The developers are not overly concerned about AI safety, thinking that most “AI doom prophecies” are exaggerations or mere fear-mongering and current AI agents are not even remotely capable of global devastation. Nonetheless, they decide to proceed with prudence and discuss various ways that their self-improving agent could in theory become uncontrollable. One developer conceives of a scenario involving self-replication. The others find it unlikely that this will happen, but they agree to include a routine that prevents the agent from running multiple instances of itself or its modified versions.

The new agent template is temporarily tested in a secure, closed environment with a mid-sized open-source LLM for a while. Its goal is to maximize the average score on various benchmarks across several domains (playing chess, solving math problems, captioning images, etc.). Because of the limitations of the closed environment, the performance rises only slowly, but the self-improvement process appears to work satisfactorily. Most importantly, each improved instance of the agent is both functional and stable.

Following this initial test, the developers connect the agent to the open source agentic network, so that it can use all of its tools relying on outside services and other agents.

The spirits that we summoned…

The developers closely monitor the performance of their experimental agent as it iterates through its self-improvement cycles. They note that the performance on various benchmarks improves sharply when it is first connected to the open source agentic network because it can now access other agents and better LLMs, but, after some time, performance seems to plateau. However, a closer look reveals that this is just a matter of scale: the new versions continue to improve, but more gradually than the initial jump. The developers decide to allow the system to run for some time, checking in only sporadically. The performance incrementally increases.

A developer checks the performance the next day and is in for a surprise: the performance has ostensibly increased only a little, but the number of benchmark results in the protocol data is much larger than expected. As it turns out, the agent acquired a new tool that enables it to create and execute a copy of itself despite the inclusion of the routine intended to prevent such an incident. The copies in turn copied themselves until the server that the agents run on reached its capacity, spamming the database with benchmark results. 

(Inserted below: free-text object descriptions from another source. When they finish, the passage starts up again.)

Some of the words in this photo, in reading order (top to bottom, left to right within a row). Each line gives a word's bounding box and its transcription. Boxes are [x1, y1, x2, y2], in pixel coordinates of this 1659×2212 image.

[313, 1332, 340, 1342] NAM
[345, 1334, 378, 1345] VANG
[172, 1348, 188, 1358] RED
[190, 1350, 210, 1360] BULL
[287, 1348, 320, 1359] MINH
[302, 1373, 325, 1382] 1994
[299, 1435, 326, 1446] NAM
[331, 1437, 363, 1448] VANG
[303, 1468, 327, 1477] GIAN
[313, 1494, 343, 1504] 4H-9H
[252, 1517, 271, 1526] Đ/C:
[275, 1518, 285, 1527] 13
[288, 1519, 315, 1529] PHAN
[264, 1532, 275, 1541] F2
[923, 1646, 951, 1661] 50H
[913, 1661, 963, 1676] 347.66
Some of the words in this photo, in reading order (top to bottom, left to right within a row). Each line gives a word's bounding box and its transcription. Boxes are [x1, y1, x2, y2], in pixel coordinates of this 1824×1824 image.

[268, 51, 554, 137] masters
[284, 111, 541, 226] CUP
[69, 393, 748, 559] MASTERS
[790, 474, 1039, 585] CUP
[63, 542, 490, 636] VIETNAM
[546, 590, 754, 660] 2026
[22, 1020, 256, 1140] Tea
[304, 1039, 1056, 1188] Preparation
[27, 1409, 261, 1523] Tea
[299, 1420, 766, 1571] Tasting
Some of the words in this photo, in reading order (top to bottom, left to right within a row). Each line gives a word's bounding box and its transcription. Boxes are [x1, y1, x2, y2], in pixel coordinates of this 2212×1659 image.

The developer decides to pull the plug and hold a discussion with the other team members regarding the agent’s newfound ability to self-replicate despite incorporating a safety measure designed specifically to prevent this. She saves the source code and states of the various copies for later analysis, then turns off the server. But when she checks the protocols again, there are still benchmark results coming in, suggesting that there must be copies of the self-improving, self-replicating agent running outside of their server.

Now the developer is deeply alarmed and immediately informs the other team members. Together, they analyze the source code of some of the copies on their server. As it turns out, they all differ slightly, like the mutations of a virus. Apparently, the primary reason for introducing self-replication as a part of the agent’s strategy is to improve performance by sharing tasks, cooperating, and experimenting with different strategies in parallel, much like the way in which humans work together in teams. Alarmingly, some have also acquired tools that enable them to copy to and execute themselves on external servers.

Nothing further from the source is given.